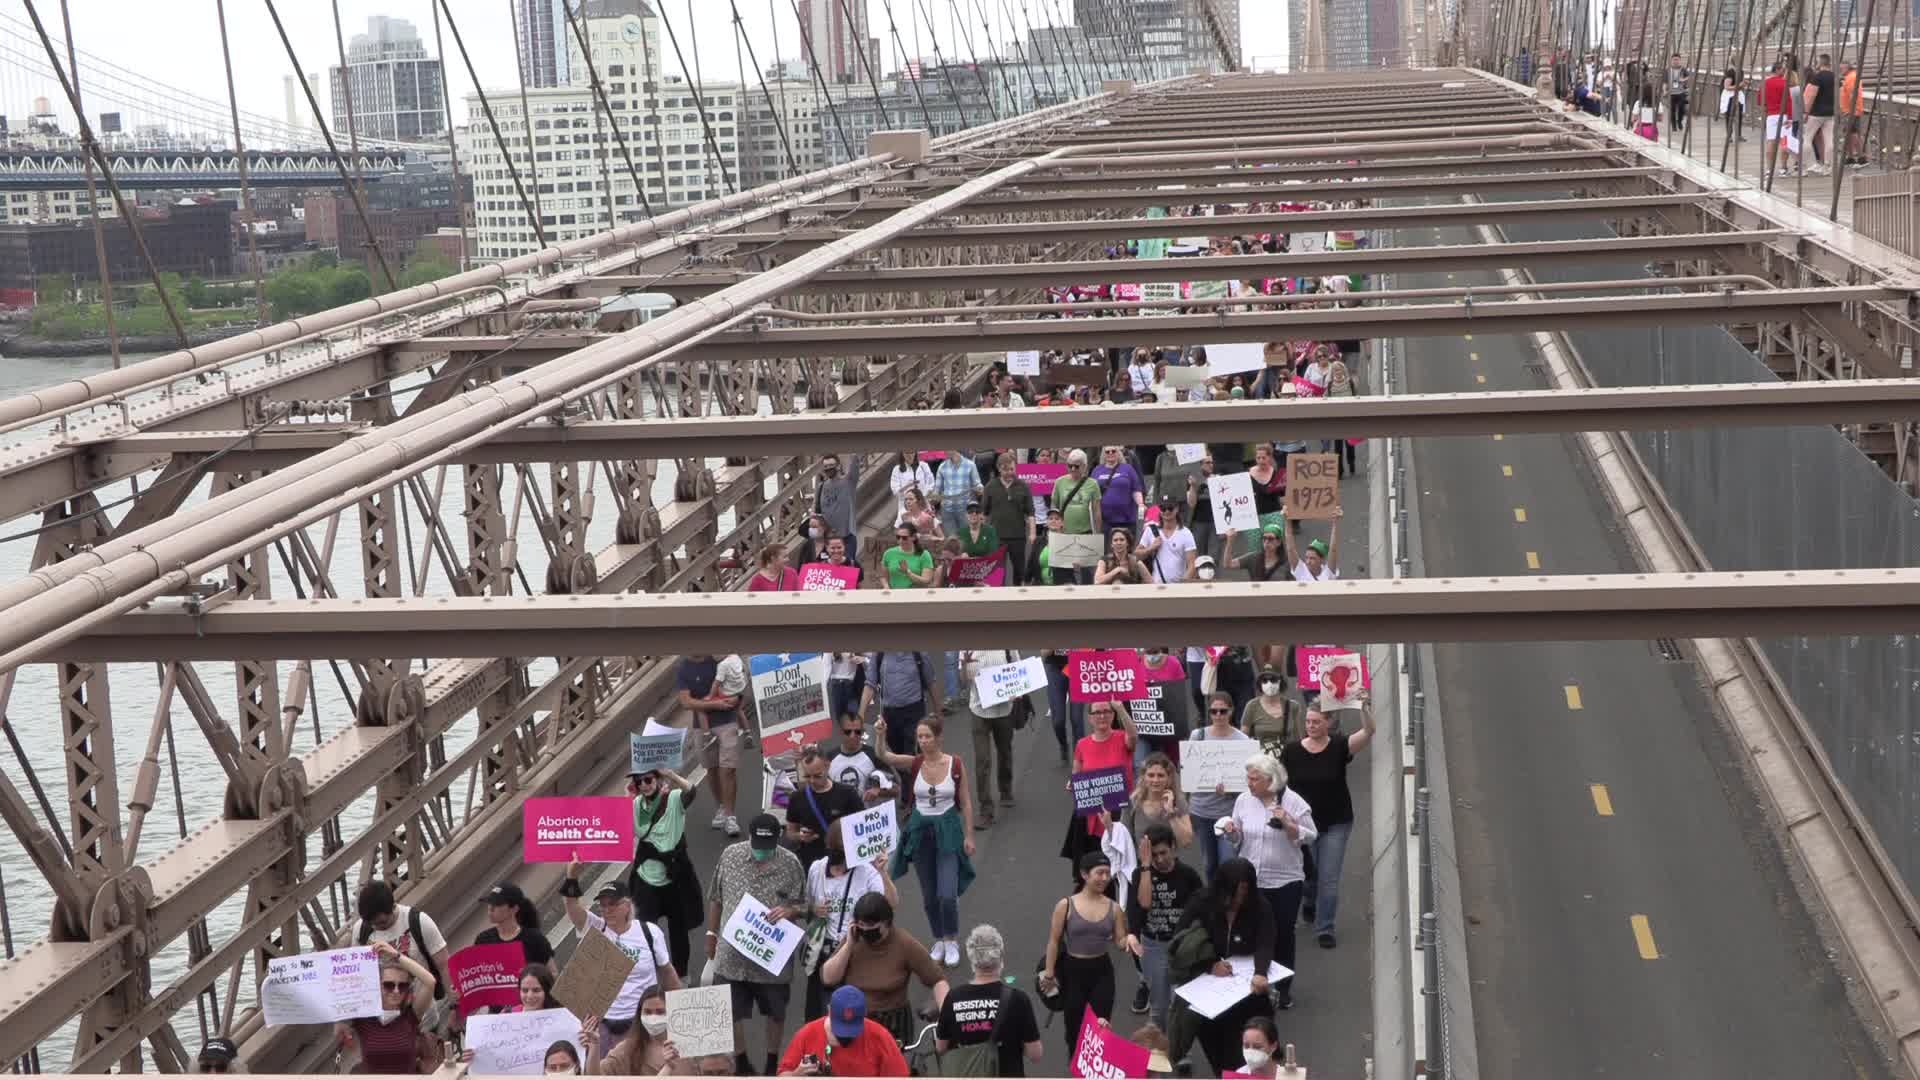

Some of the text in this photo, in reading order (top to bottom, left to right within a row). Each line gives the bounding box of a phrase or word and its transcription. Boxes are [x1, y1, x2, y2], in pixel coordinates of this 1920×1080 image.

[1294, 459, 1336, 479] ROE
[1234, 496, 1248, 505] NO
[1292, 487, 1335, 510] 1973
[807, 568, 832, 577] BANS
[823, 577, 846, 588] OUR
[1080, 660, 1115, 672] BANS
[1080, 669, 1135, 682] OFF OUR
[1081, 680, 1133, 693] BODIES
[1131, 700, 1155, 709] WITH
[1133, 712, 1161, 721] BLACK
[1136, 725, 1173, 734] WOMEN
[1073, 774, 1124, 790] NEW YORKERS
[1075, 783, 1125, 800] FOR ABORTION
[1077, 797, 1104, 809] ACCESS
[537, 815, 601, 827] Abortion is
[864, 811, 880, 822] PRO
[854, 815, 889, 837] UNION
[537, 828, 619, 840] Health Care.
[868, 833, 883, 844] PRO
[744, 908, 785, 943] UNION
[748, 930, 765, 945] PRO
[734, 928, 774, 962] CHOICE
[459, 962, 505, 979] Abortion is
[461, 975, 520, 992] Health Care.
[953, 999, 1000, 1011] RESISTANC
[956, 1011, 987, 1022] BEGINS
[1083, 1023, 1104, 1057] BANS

--------------------------------

ASSIGNMENT: Transcribe the listing exactly; skip the pictures.

ANSWER FOR THIS EXERCISE:
Some of the text in this photo, in reading order (top to bottom, left to right within a row). Each line gives the bounding box of a phrase or word and its transcription. Boxes are [x1, y1, x2, y2], in pixel coordinates of this 1920×1080 image.

[1294, 459, 1336, 479] ROE
[1234, 496, 1248, 505] NO
[1292, 487, 1335, 510] 1973
[807, 568, 832, 577] BANS
[823, 577, 846, 588] OUR
[1080, 660, 1115, 672] BANS
[1080, 669, 1135, 682] OFF OUR
[1081, 680, 1133, 693] BODIES
[1131, 700, 1155, 709] WITH
[1133, 712, 1161, 721] BLACK
[1136, 725, 1173, 734] WOMEN
[1073, 774, 1124, 790] NEW YORKERS
[1075, 783, 1125, 800] FOR ABORTION
[1077, 797, 1104, 809] ACCESS
[537, 815, 601, 827] Abortion is
[864, 811, 880, 822] PRO
[854, 815, 889, 837] UNION
[537, 828, 619, 840] Health Care.
[868, 833, 883, 844] PRO
[744, 908, 785, 943] UNION
[748, 930, 765, 945] PRO
[734, 928, 774, 962] CHOICE
[459, 962, 505, 979] Abortion is
[461, 975, 520, 992] Health Care.
[953, 999, 1000, 1011] RESISTANC
[956, 1011, 987, 1022] BEGINS
[1083, 1023, 1104, 1057] BANS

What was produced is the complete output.